= SUPPLIED ENTRIES =
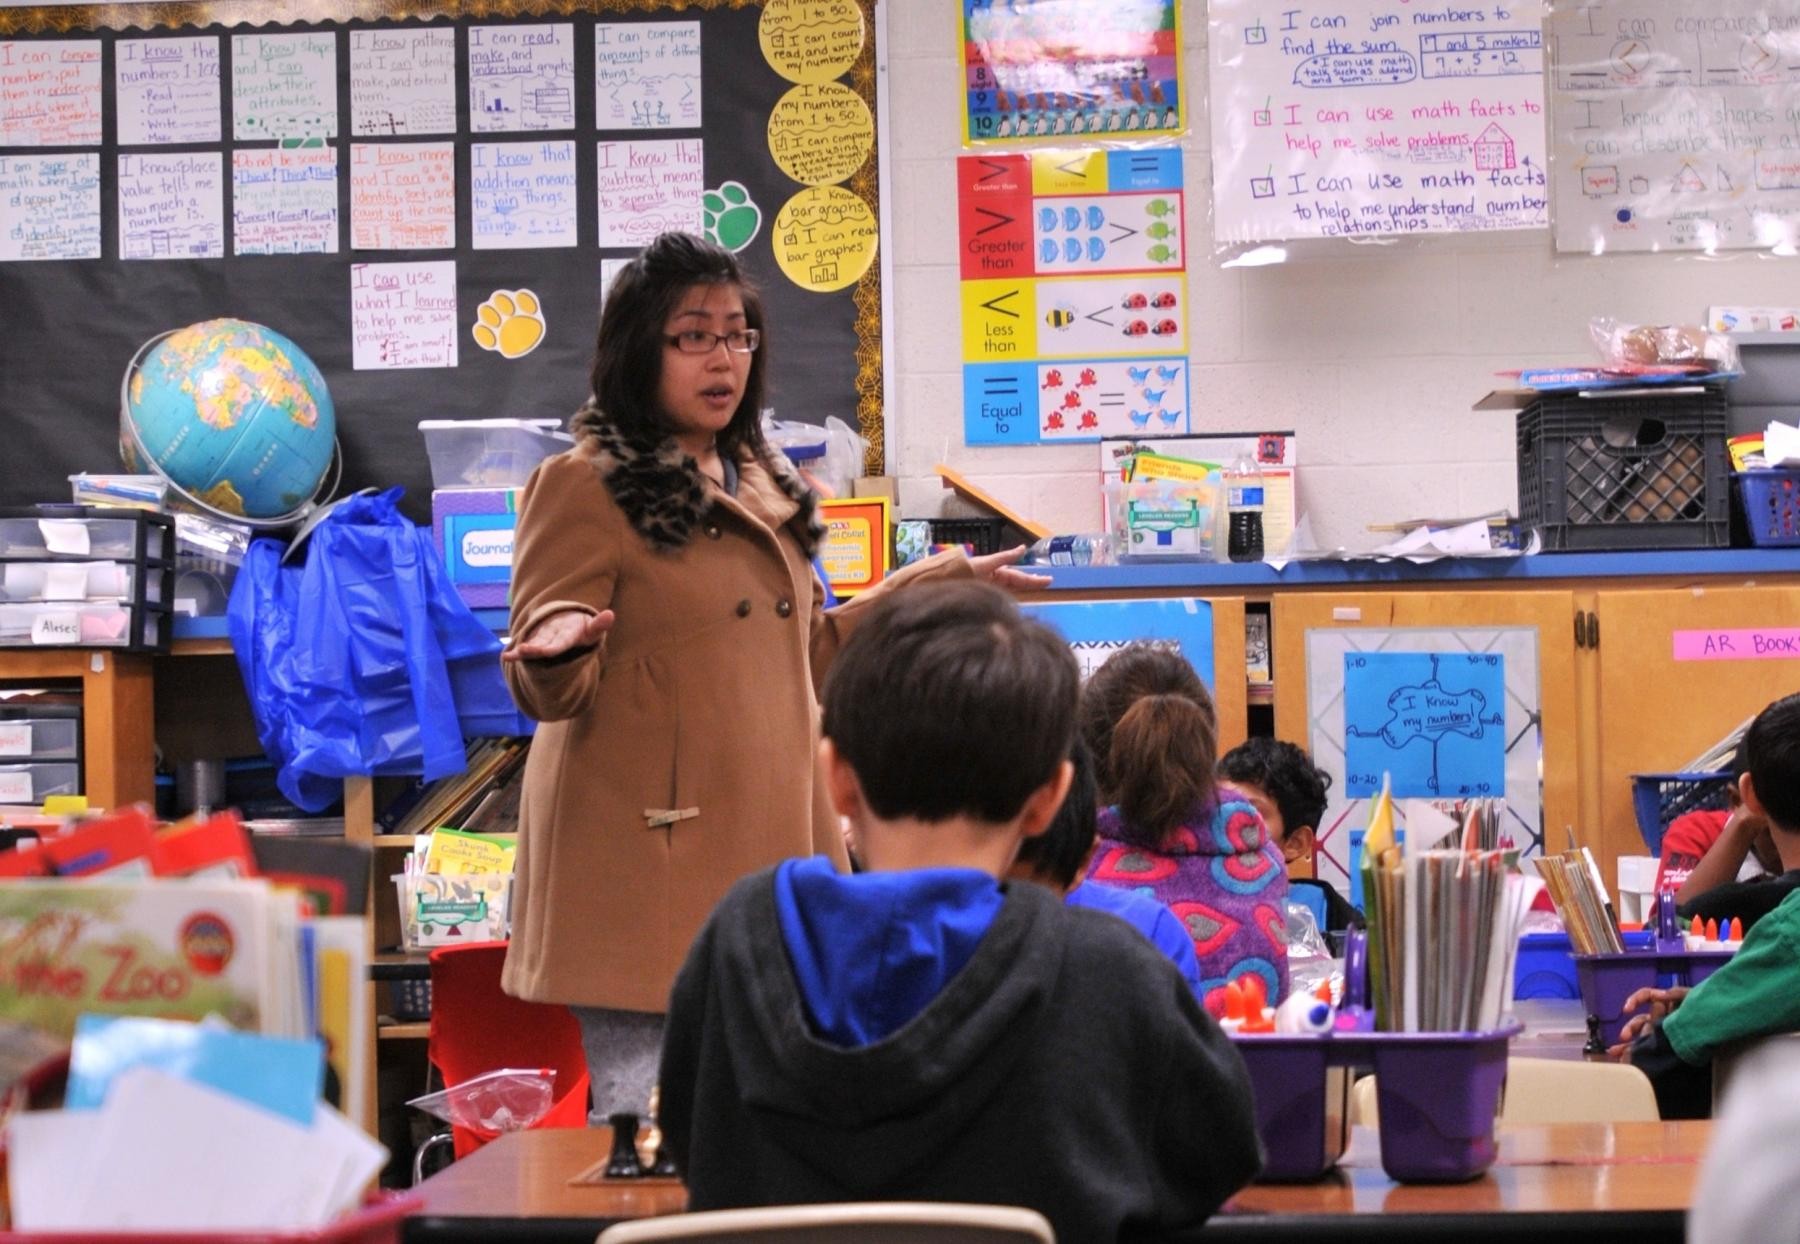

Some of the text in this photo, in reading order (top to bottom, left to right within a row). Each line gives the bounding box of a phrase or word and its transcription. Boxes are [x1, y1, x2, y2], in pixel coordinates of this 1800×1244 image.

[763, 9, 826, 25] from to
[1280, 6, 1510, 31] I can join numbers to
[1577, 7, 1602, 35] I
[1618, 18, 1656, 34] can
[371, 32, 406, 51] know
[471, 28, 517, 46] I can
[598, 26, 697, 45] I can compare
[804, 34, 826, 44] can
[1446, 33, 1468, 51] and
[1476, 36, 1486, 50] 5
[1492, 34, 1528, 48] makes
[124, 41, 217, 62] I know the
[511, 47, 532, 60] and
[805, 40, 860, 57] and write
[1280, 37, 1315, 56] find
[1325, 39, 1354, 54] the
[235, 59, 257, 75] and
[352, 56, 413, 71] and can
[786, 61, 802, 75] my
[1321, 57, 1329, 67] I
[1381, 54, 1411, 65] math
[1472, 53, 1481, 66] 5
[121, 64, 179, 83] numbers
[977, 66, 986, 80] 8
[1303, 68, 1330, 79] talk
[1333, 66, 1357, 75] such
[1360, 67, 1373, 75] as
[799, 83, 815, 97] I
[976, 91, 987, 105] 9
[781, 99, 860, 114] my numbers
[1284, 98, 1541, 125] I can use math facts to
[773, 113, 835, 127] from to
[976, 115, 993, 130] 10
[1575, 101, 1602, 129] I
[1714, 97, 1774, 134] shapes
[808, 137, 830, 147] can
[1285, 132, 1322, 159] help
[1333, 138, 1356, 149] me
[1366, 131, 1400, 148] solve
[1585, 138, 1620, 154] can
[352, 145, 415, 166] I know
[473, 143, 571, 168] I know that
[600, 140, 701, 170] I know that
[120, 155, 134, 177] I
[119, 175, 214, 198] value tells me
[352, 171, 377, 186] and
[474, 170, 530, 189] addition
[1288, 168, 1546, 195] I can use math facts
[149, 193, 184, 213] much
[808, 188, 821, 201] I
[790, 205, 816, 217] bar
[1293, 194, 1548, 223] to help me understand number
[129, 210, 176, 230] number
[802, 227, 845, 244] I can
[967, 239, 1025, 254] Greater
[786, 251, 810, 263] bar
[981, 256, 1014, 269] than
[353, 263, 437, 291] I can use
[355, 293, 391, 311] what
[371, 312, 425, 330] help me
[986, 321, 1014, 336] Less
[984, 339, 1016, 352] than
[981, 401, 1022, 421] Equal
[995, 421, 1010, 434] to
[1704, 634, 1800, 655] AR Book
[1346, 658, 1366, 671] 1-10
[1402, 696, 1416, 711] I
[1403, 716, 1422, 732] my
[98, 946, 190, 1002] Zoo
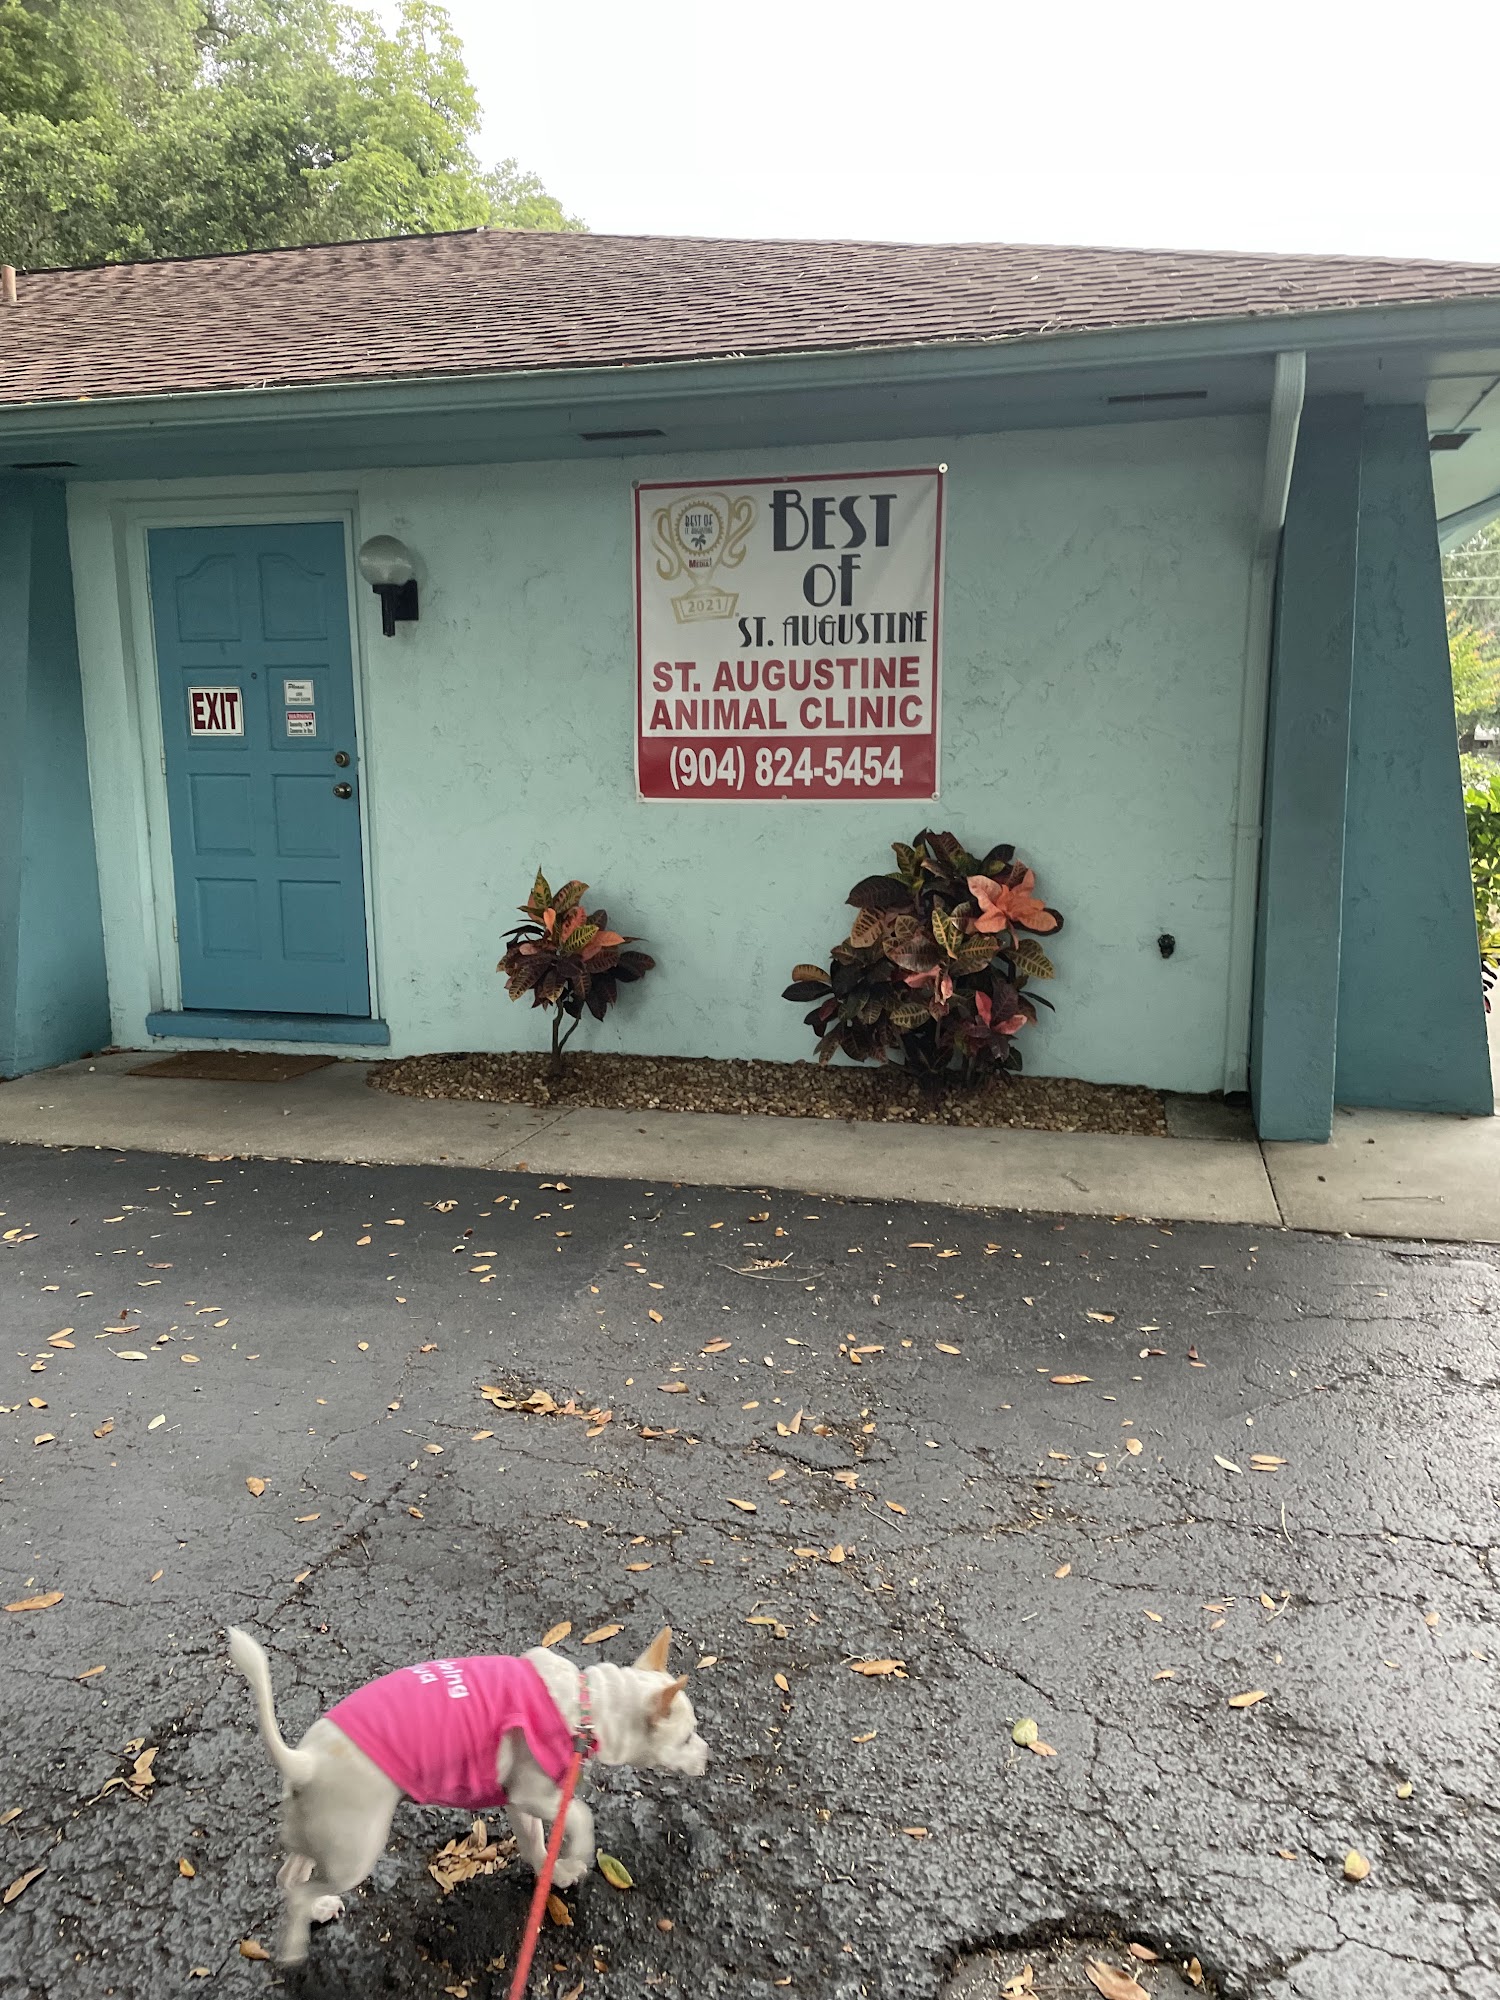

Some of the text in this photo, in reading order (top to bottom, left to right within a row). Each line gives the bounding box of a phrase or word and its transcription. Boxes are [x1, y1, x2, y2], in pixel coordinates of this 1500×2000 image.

= EXERCISE DIRECTIONS =
For this exercise, output the records exactly but omit their pictures.

= PROBLEM SOLUTION =
Some of the text in this photo, in reading order (top to bottom, left to right within a row). Each line gives the bounding box of a phrase or word and its transcription. Boxes are [x1, y1, x2, y2], in pixel coordinates of this 1800×1244 image.

[763, 9, 826, 25] from to
[1280, 6, 1510, 31] I can join numbers to
[1577, 7, 1602, 35] I
[1618, 18, 1656, 34] can
[371, 32, 406, 51] know
[471, 28, 517, 46] I can
[598, 26, 697, 45] I can compare
[804, 34, 826, 44] can
[1446, 33, 1468, 51] and
[1476, 36, 1486, 50] 5
[1492, 34, 1528, 48] makes
[124, 41, 217, 62] I know the
[511, 47, 532, 60] and
[805, 40, 860, 57] and write
[1280, 37, 1315, 56] find
[1325, 39, 1354, 54] the
[235, 59, 257, 75] and
[352, 56, 413, 71] and can
[786, 61, 802, 75] my
[1321, 57, 1329, 67] I
[1381, 54, 1411, 65] math
[1472, 53, 1481, 66] 5
[121, 64, 179, 83] numbers
[977, 66, 986, 80] 8
[1303, 68, 1330, 79] talk
[1333, 66, 1357, 75] such
[1360, 67, 1373, 75] as
[799, 83, 815, 97] I
[976, 91, 987, 105] 9
[781, 99, 860, 114] my numbers
[1284, 98, 1541, 125] I can use math facts to
[773, 113, 835, 127] from to
[976, 115, 993, 130] 10
[1575, 101, 1602, 129] I
[1714, 97, 1774, 134] shapes
[808, 137, 830, 147] can
[1285, 132, 1322, 159] help
[1333, 138, 1356, 149] me
[1366, 131, 1400, 148] solve
[1585, 138, 1620, 154] can
[352, 145, 415, 166] I know
[473, 143, 571, 168] I know that
[600, 140, 701, 170] I know that
[120, 155, 134, 177] I
[119, 175, 214, 198] value tells me
[352, 171, 377, 186] and
[474, 170, 530, 189] addition
[1288, 168, 1546, 195] I can use math facts
[149, 193, 184, 213] much
[808, 188, 821, 201] I
[790, 205, 816, 217] bar
[1293, 194, 1548, 223] to help me understand number
[129, 210, 176, 230] number
[802, 227, 845, 244] I can
[967, 239, 1025, 254] Greater
[786, 251, 810, 263] bar
[981, 256, 1014, 269] than
[353, 263, 437, 291] I can use
[355, 293, 391, 311] what
[371, 312, 425, 330] help me
[986, 321, 1014, 336] Less
[984, 339, 1016, 352] than
[981, 401, 1022, 421] Equal
[995, 421, 1010, 434] to
[1704, 634, 1800, 655] AR Book
[1346, 658, 1366, 671] 1-10
[1402, 696, 1416, 711] I
[1403, 716, 1422, 732] my
[98, 946, 190, 1002] Zoo

Some of the text in this photo, in reading order (top to bottom, left to right within a row). Each line gives the bounding box of a phrase or word and its transcription. Boxes are [x1, y1, x2, y2], in pixel coordinates of this 1500×2000 image.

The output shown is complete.